**Task to complete**
Ignoring every picture, transcribe the data in full as it stands.
+++ Material for the task
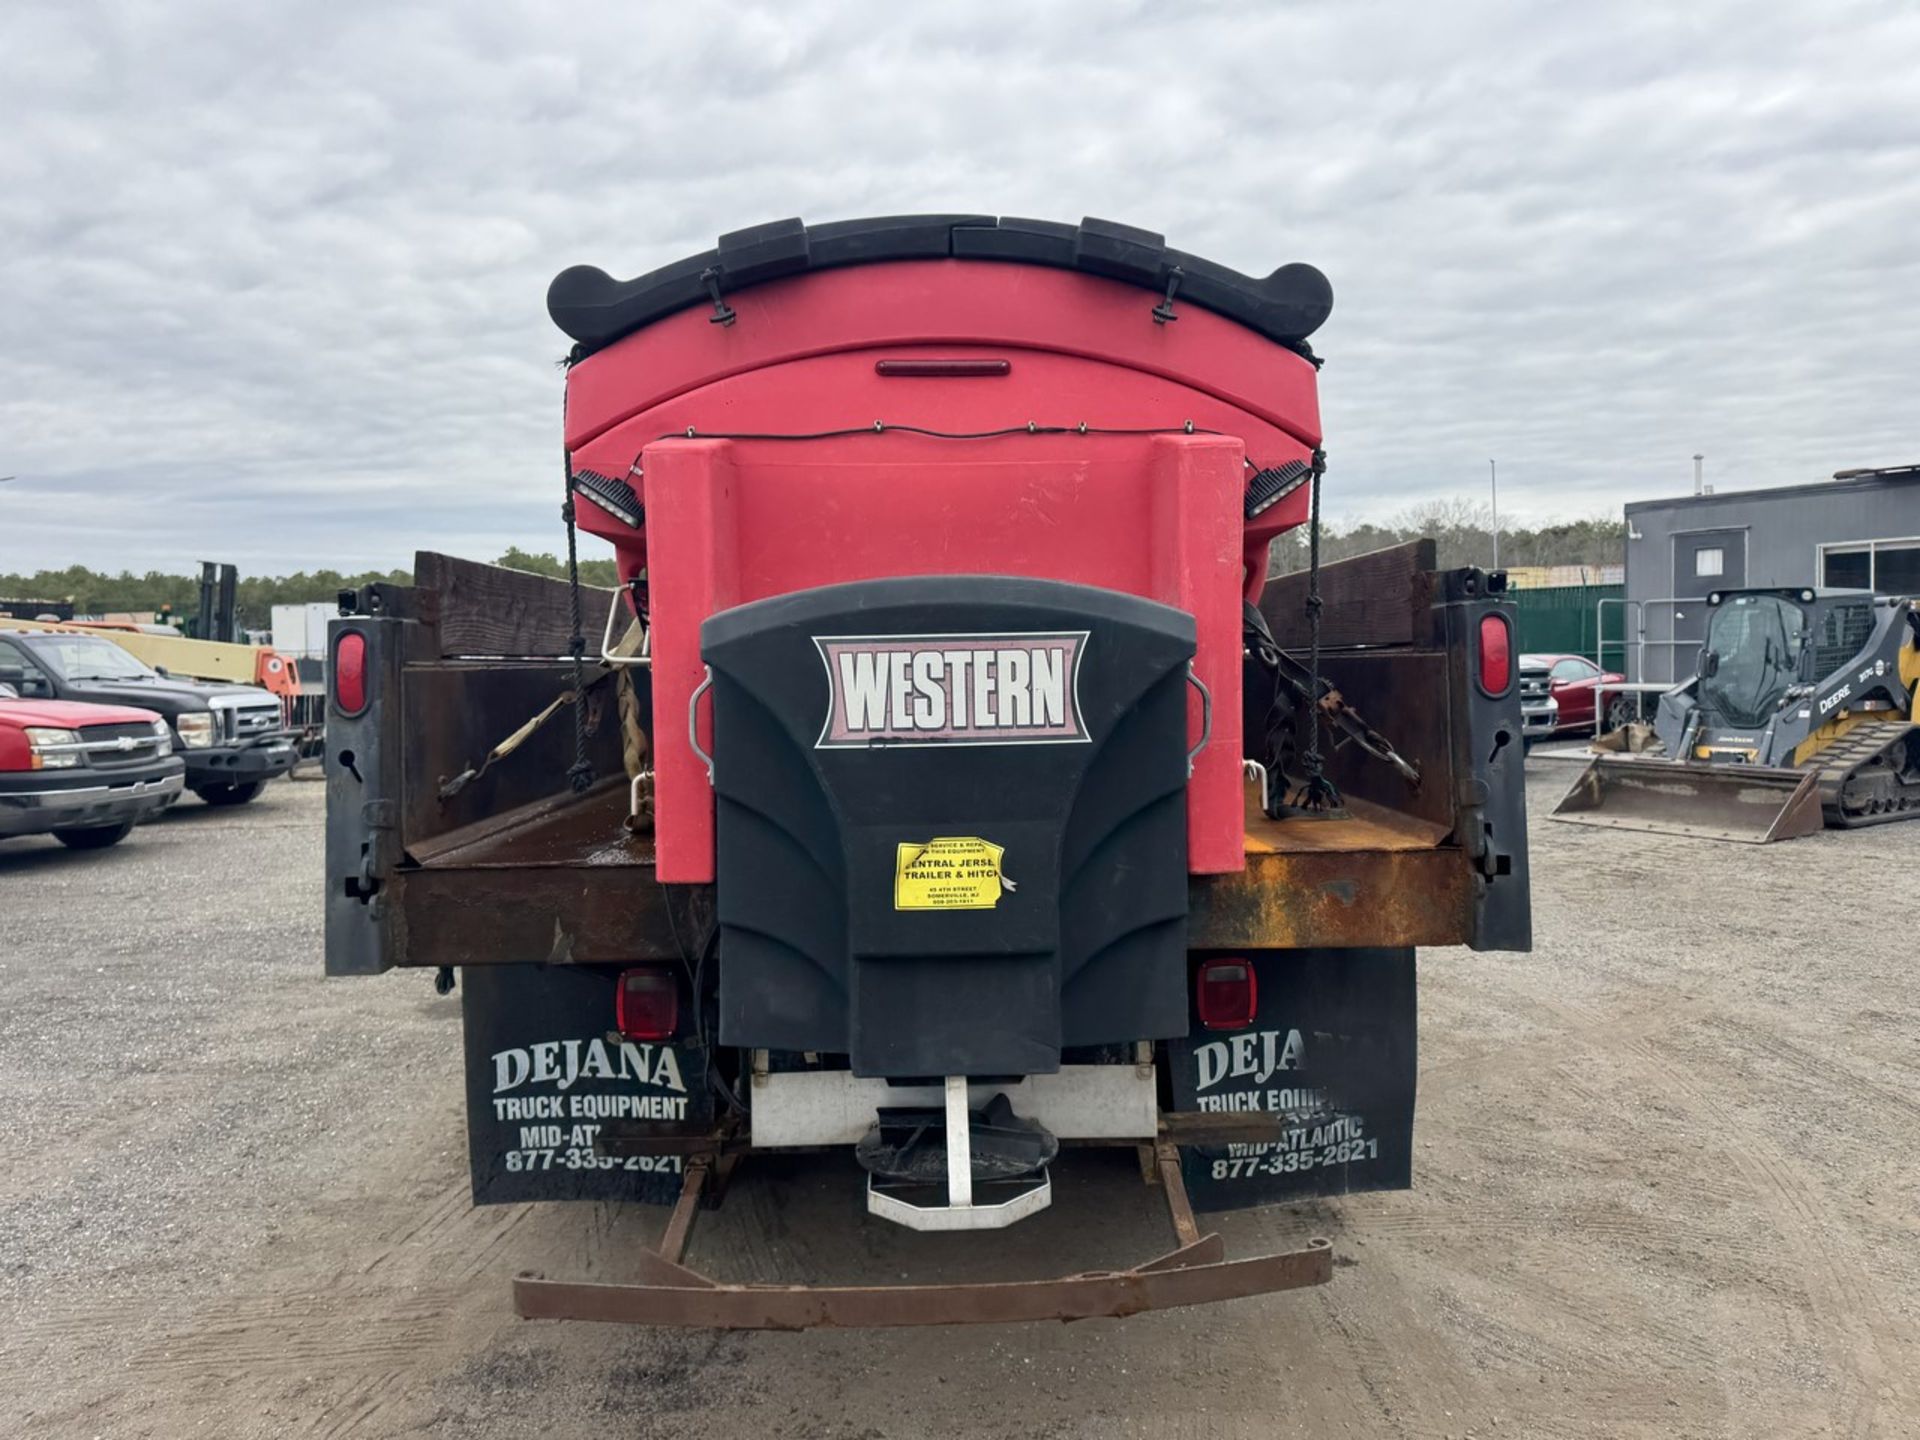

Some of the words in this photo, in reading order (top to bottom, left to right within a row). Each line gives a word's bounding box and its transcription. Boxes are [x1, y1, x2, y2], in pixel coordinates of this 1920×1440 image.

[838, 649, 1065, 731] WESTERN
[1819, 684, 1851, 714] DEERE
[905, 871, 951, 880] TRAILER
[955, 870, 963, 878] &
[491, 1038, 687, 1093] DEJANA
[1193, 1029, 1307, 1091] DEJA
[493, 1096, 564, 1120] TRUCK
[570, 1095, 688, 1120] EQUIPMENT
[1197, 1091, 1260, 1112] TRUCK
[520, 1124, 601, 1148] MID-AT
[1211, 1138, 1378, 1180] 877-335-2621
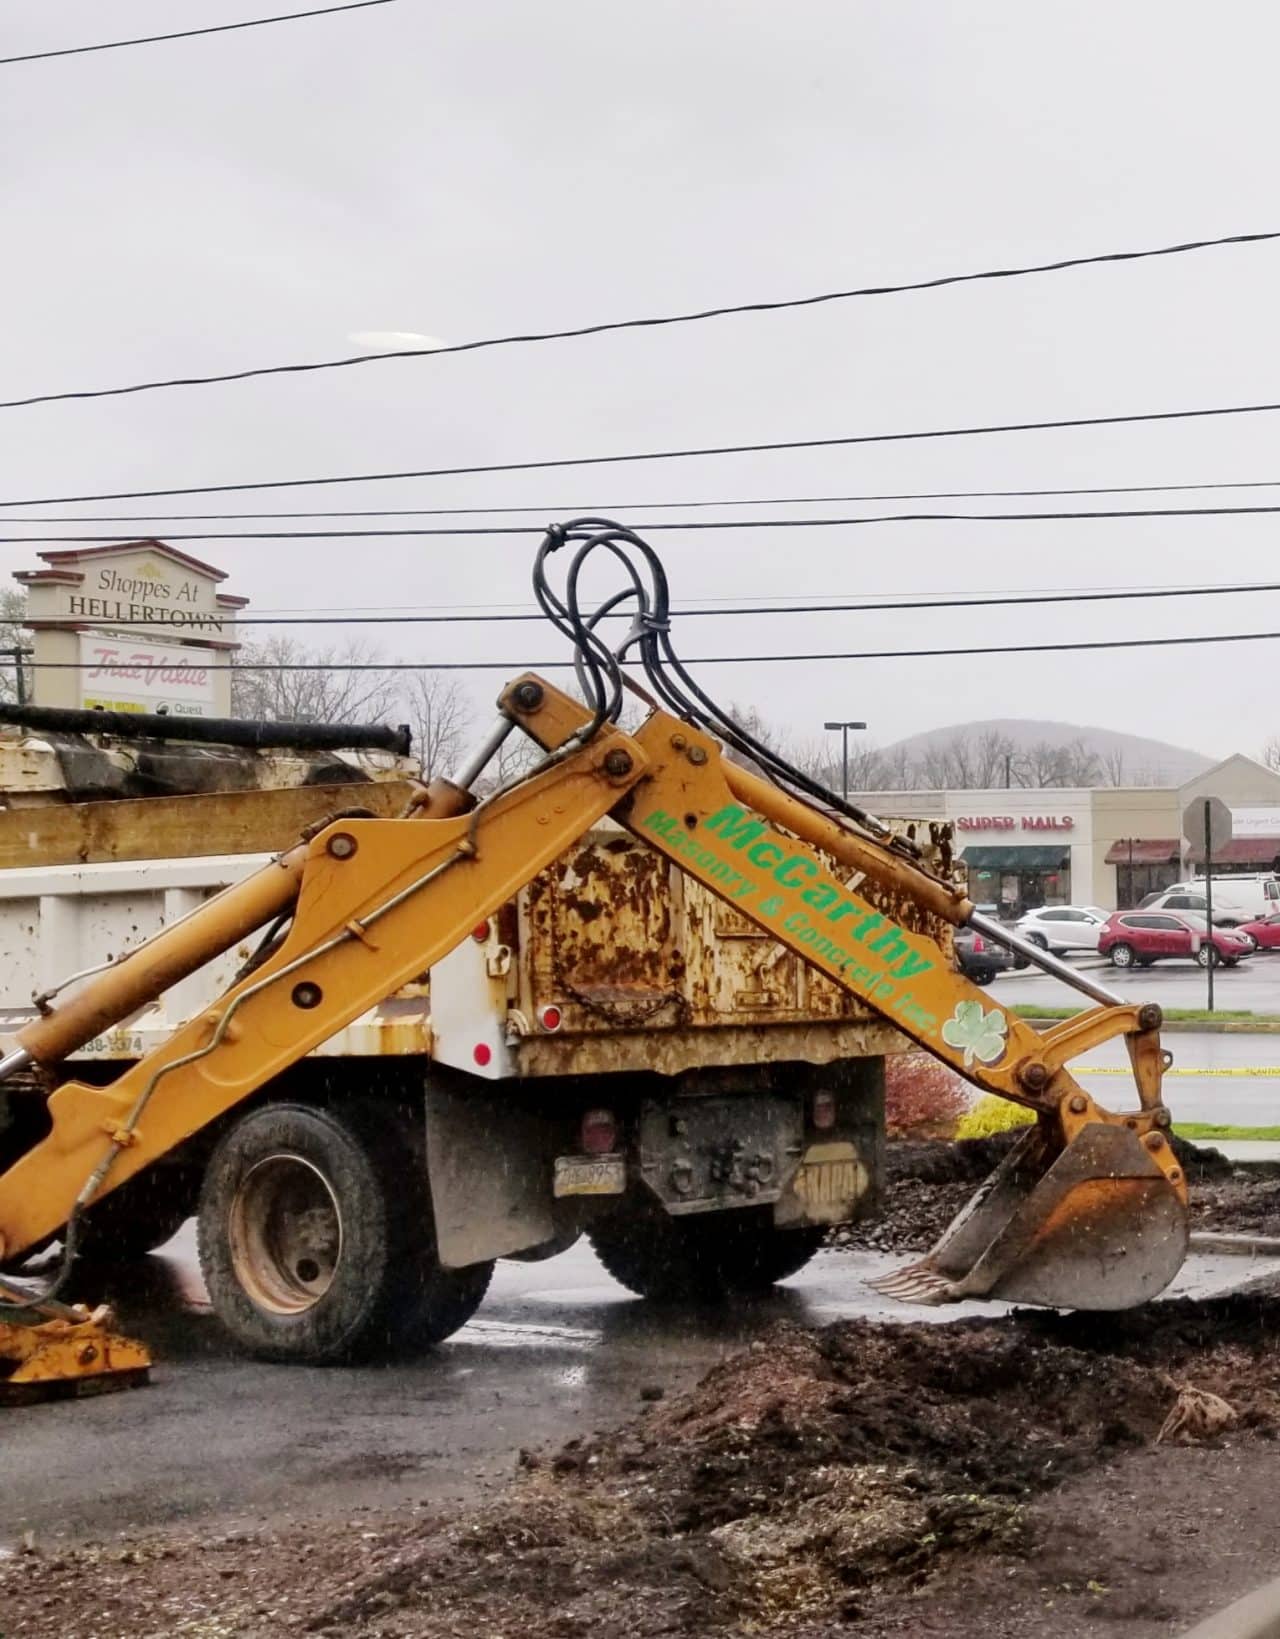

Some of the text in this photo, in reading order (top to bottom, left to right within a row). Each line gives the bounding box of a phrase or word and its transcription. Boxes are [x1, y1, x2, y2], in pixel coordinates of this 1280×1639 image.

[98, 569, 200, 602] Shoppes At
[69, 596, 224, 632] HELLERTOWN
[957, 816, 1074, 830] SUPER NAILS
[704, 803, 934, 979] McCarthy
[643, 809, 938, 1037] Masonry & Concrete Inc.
++++++
**Expected output**
Some of the words in this photo, in reading order (top to bottom, left to right within a row). Each line gives a word's bounding box and its transcription. Boxes are [x1, y1, x2, y2], in pixel coordinates of this 1920×1440 image.

[838, 649, 1065, 731] WESTERN
[1819, 684, 1851, 714] DEERE
[905, 871, 951, 880] TRAILER
[955, 870, 963, 878] &
[491, 1038, 687, 1093] DEJANA
[1193, 1029, 1307, 1091] DEJA
[493, 1096, 564, 1120] TRUCK
[570, 1095, 688, 1120] EQUIPMENT
[1197, 1091, 1260, 1112] TRUCK
[520, 1124, 601, 1148] MID-AT
[1211, 1138, 1378, 1180] 877-335-2621

Some of the text in this photo, in reading order (top to bottom, left to right within a row). Each line gives the bounding box of a phrase or word and its transcription. Boxes are [x1, y1, x2, y2], in pixel coordinates of this 1280×1639 image.

[98, 569, 200, 602] Shoppes At
[69, 596, 224, 632] HELLERTOWN
[957, 816, 1074, 830] SUPER NAILS
[704, 803, 934, 979] McCarthy
[643, 809, 938, 1037] Masonry & Concrete Inc.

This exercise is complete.